La restitution des profits
[8] Les demanderesses demandent une restitution des profits pour un montant de 195 442,24 $, soit les droits de franchise et les droits d'équipement présumés perçus par Malinowski.
[9] La restitution des profits vise à faire en sorte que les profits réels réalisés irrégulièrement par le défendeur soient versés au demandeur. Il appartient au demandeur de prouver le montant des revenus bruts réalisés par le défendeur grâce au produit ou au service usurpé. Le défendeur doit ensuite établir la preuve de toutes ses dépenses compensatoires afin que la Cour puisse déterminer le montant net des profits. La restitution des profits est une réparation en equity aux termes de laquelle le propriétaire d'une marque est habilité à recevoir la totalité des profits réalisés par le contrefacteur. Si le demandeur choisit ce mode de réparation, le préjudice ou les dommages qu'il a subis n'ont plus aucune pertinence et ne sont pas pris en compte. De la même manière, la connaissance, le motif, l'intention ou la malveillance du contrefacteur ne sont plus pertinents. Le contrefacteur doit verser le montant exact des profits au propriétaire de la marque (Teledyne Industries Inc. et al. c. Lido Industrial Products Ltd. (1982) 68 C.P.R. (2d) 204).

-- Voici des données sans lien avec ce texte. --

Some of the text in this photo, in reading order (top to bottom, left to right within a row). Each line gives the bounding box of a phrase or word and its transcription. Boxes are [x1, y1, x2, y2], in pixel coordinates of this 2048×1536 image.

[10] En me fondant sur les affidavits de trois témoins, je suis convaincue que Malinowski a perçu des revenus de 101 388,23 $ des ventes de Shapes, ventes faites en contravention avec les droits des demanderesses. Ce montant est réparti comme suit :
Partie Elaine Peterson Nancy Koops Angela Sladen Totaux |
Droits de licence 14 995,00 $ 16 050,00 $ 16 050,00 $ 47 095,00 $ |
Droits relatifs à l'équipement 30 977,00 $ 23 316,24 $ ____--___ 54 293,24 $ |
[11] Dans tous les cas où le défendeur a vendu de l'équipement, aucun élément d'équipement n'a jamais été livré. Il existe certains éléments de preuve par ouï-dire plus ou moins clairs voulant que Malinowski ait peut-être dépensé certaines sommes pour l'achat d'équipement qui s'est ensuite retrouvé dans les mains d'autres personnes. Toutefois, cette preuve n'est pas claire et est loin d'être suffisante pour prouver que Malinowski aurait engagé des dépenses ayant réduit ses « profits » de 101 388,24 $.

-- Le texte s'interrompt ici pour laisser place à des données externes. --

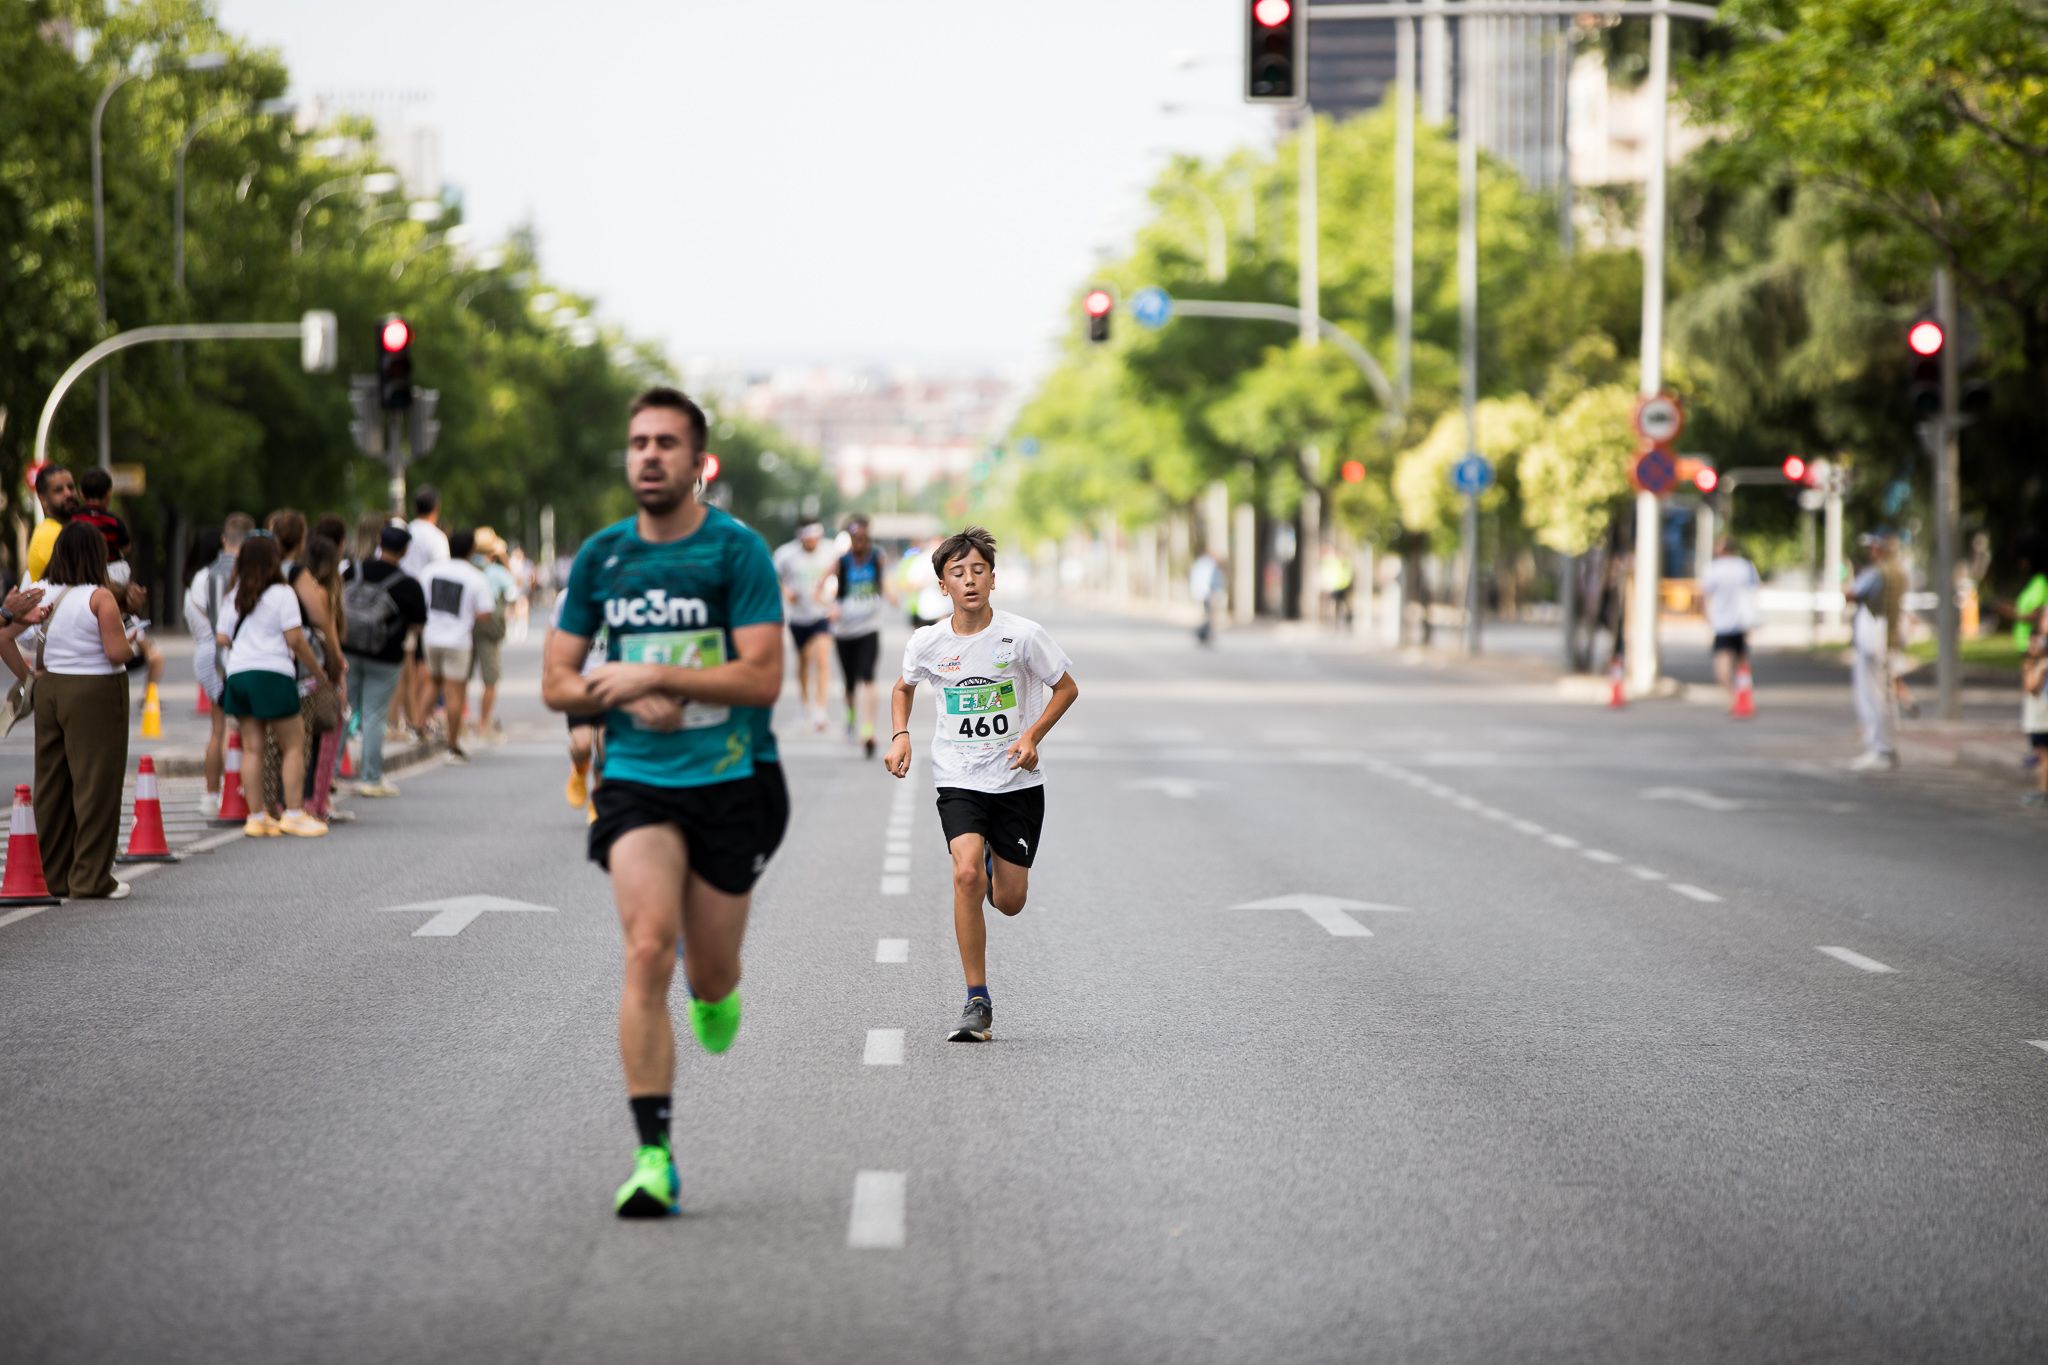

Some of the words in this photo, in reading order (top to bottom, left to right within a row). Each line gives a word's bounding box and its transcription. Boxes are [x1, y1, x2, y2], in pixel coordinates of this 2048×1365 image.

[605, 589, 708, 627] uc3m
[958, 691, 1002, 712] ELA
[958, 713, 1009, 738] 460

[12] Les demanderesses soutiennent en outre que l'on peut raisonnablement conclure que Malinowski a touché des droits comparables de deux autres parties, lesquels s'élèveraient à 32 100 $ pour les droits de franchise ou de licence, plus 61 954 $ en droits d'équipement. En l'absence d'éléments de preuve plus convaincants, je ne suis pas disposée à admettre que Malinowski a gagné ces montants à titre de « revenus » . Les simples conjectures ne doivent pas, à mon avis, servir de fondement à une restitution des profits.

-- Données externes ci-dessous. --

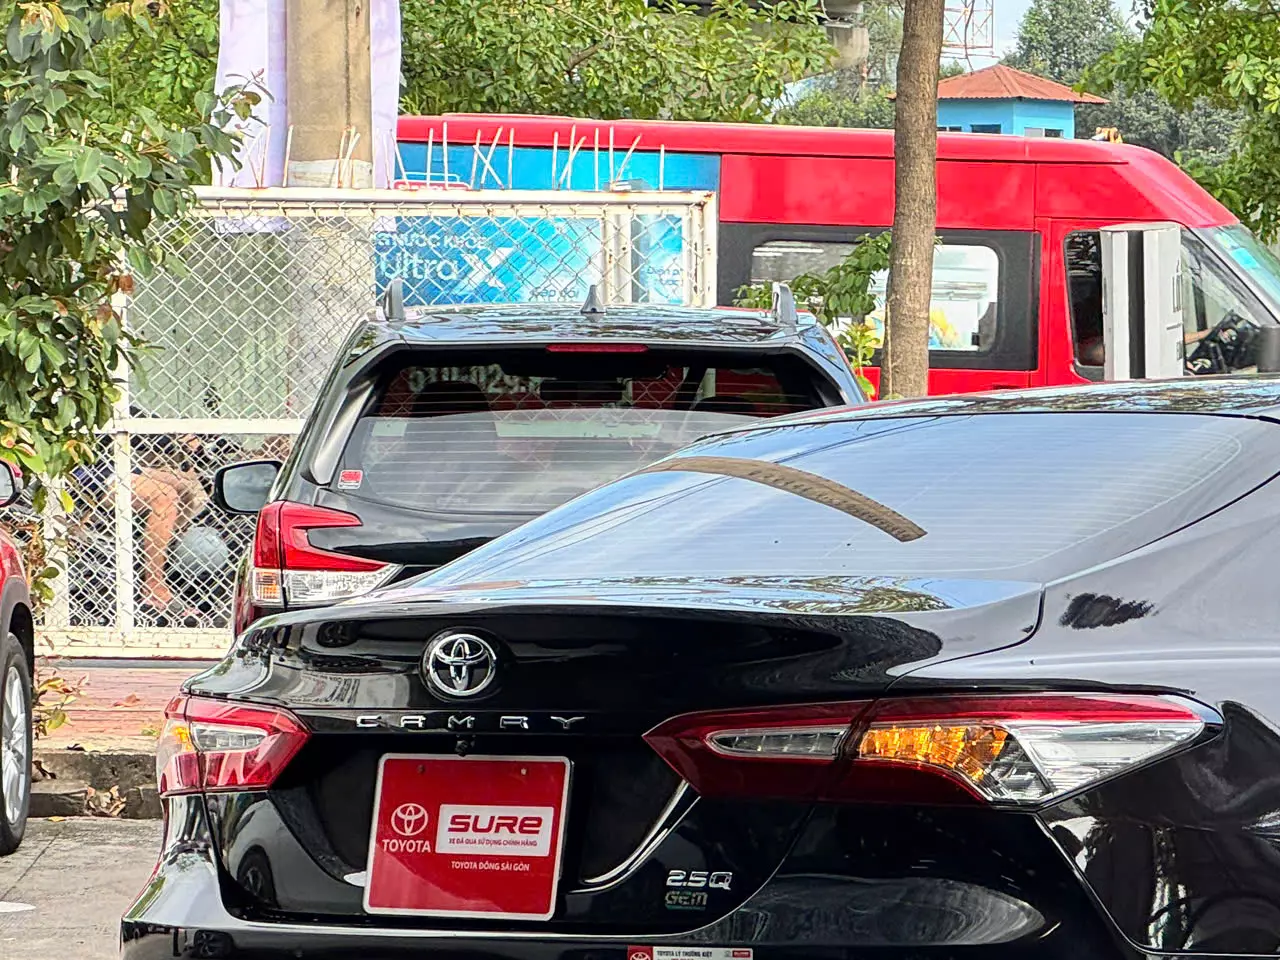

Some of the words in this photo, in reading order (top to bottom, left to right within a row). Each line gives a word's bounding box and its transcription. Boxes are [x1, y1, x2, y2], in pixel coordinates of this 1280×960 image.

[356, 715, 586, 730] CAMRY
[381, 838, 432, 854] TOYOTA
[451, 860, 477, 870] TOYOTA
[478, 860, 500, 871] ĐÔNG
[500, 861, 512, 872] SÀI
[513, 862, 530, 872] GÒN
[665, 869, 733, 891] 2.5Q

[13] Comme nous l'avons vu, la restitution des profits se veut une mesure pour remettre les profits réalisés irrégulièrement par le défendeur en raison de son utilisation illicite des biens du demandeur. Seuls les profits réalisés par le défendeur doivent être pris en compte. En l'espèce, je suis convaincue que ces profits s'élèvent à 101 388,24 $ et je suis disposée à accorder cette somme aux demanderesses.
Les dommages-intérêts
[14] Les demanderesses réclament également des dommages-intérêts et font valoir qu'elles sont en droit d'obtenir les indemnités suivantes :
• dommages-intérêts généraux : 2 250 000 $,
• dommages-intérêts exemplaires ou punitifs : 1 000 000 $,
• dommages-intérêts spéciaux : 2 210,40 $.
[15] Cette réclamation soulève une première question : après avoir obtenu une restitution des profits, les demanderesses sont-elles en droit de recevoir des dommages-intérêts?
[16] Les demanderesses reconnaissent [traduction] « qu'il n'est pas habituel qu'une partie reçoive à la fois une restitution des profits et des dommages-intérêts généraux » . J'irai même plus loin. Dans les litiges en matière de marques de commerce et de brevets, le demandeur doit choisir de recevoir une indemnisation sous forme de restitution des profits ou de dommages-intérêts. Puisque les dommages-intérêts (exception faite des dommages-intérêts punitifs) visent à indemniser le demandeur, accorder à la fois une restitution des profits et des dommages-intérêts équivaudrait à accorder une double indemnisation. L'emploi du libellé « recouvrement de dommages-intérêts ou de profits » , à l'article 53.2 de la Loi, indique clairement que la Cour ne peut pas accorder ces deux types de réparations dans le même jugement.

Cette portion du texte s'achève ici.